[Text-to-region grounding data]
——————

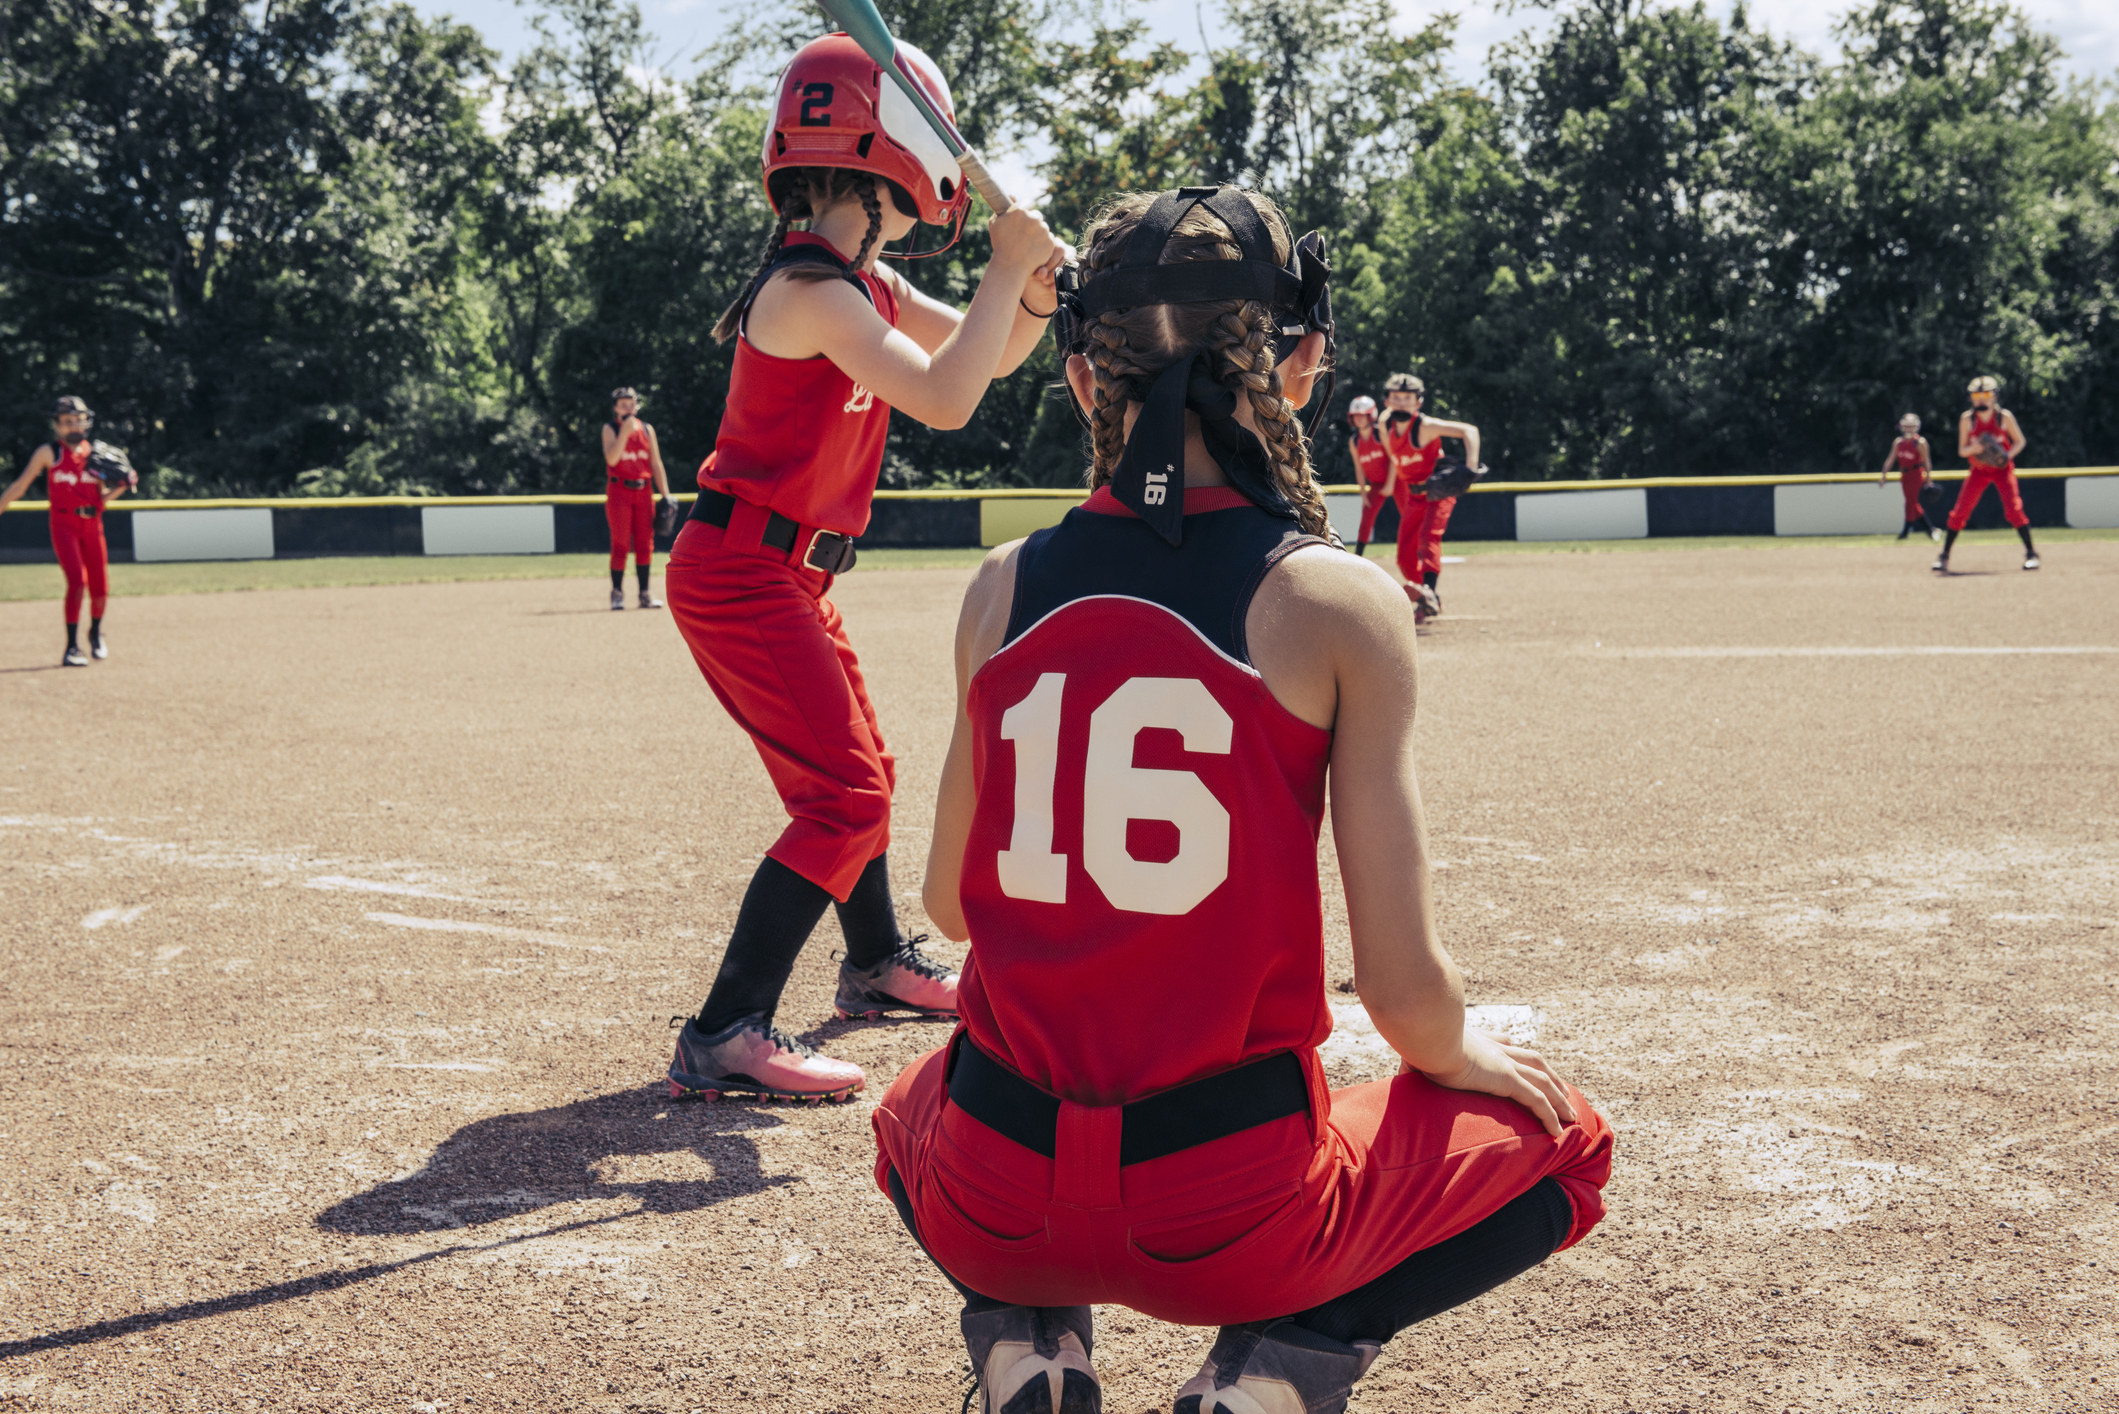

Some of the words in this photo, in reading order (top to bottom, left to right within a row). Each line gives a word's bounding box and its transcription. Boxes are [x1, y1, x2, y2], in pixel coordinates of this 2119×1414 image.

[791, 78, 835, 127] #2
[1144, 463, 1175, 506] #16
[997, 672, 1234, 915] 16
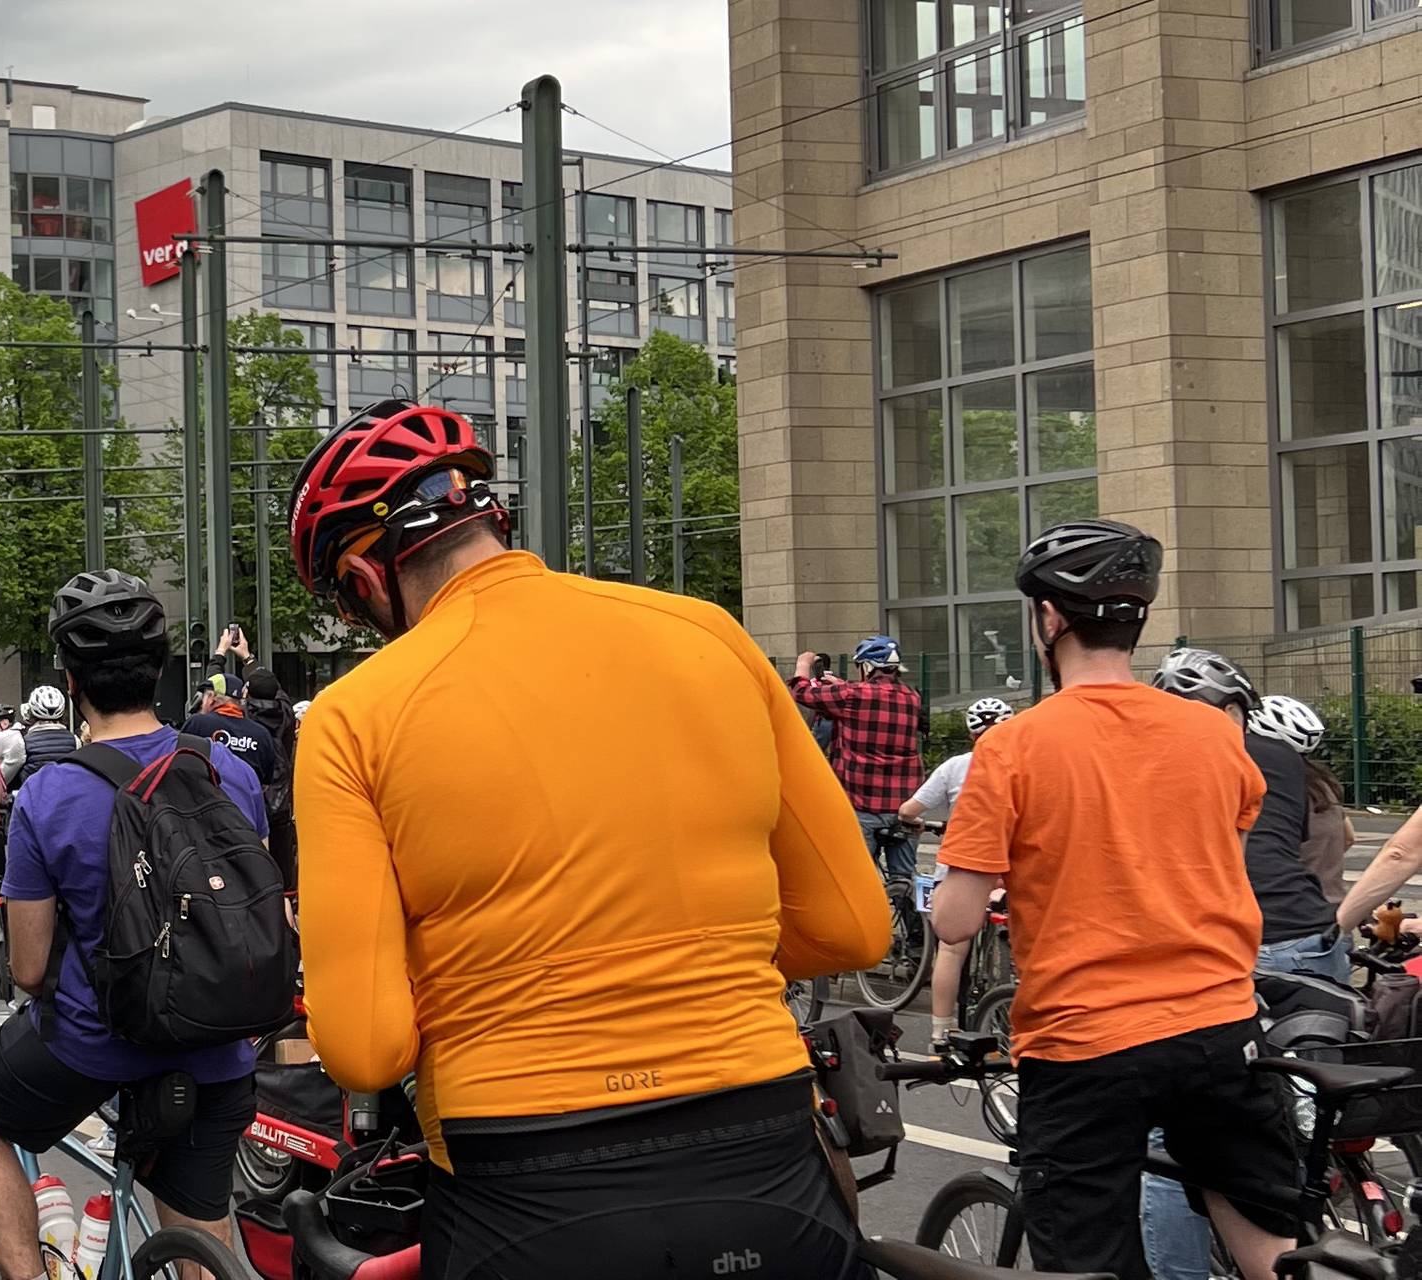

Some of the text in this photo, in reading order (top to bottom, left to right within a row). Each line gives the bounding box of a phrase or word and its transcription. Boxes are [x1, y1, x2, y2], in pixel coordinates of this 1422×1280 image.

——————

● Task objective:
Print the records exactly and omit all pictures.

● Result of the task:
Some of the words in this photo, in reading order (top to bottom, left to right within a row). Each line gives a word's bounding box and its transcription. Boxes are [x1, y1, x2, y2], in pixel coordinates of this 2119×1414 image.

[791, 78, 835, 127] #2
[1144, 463, 1175, 506] #16
[997, 672, 1234, 915] 16

Some of the text in this photo, in reading order (top to bottom, left to right within a row). Each line gives the bounding box of a phrase or word and its transcription. Boxes are [x1, y1, x2, y2], in pixel coordinates of this 1422×1280 image.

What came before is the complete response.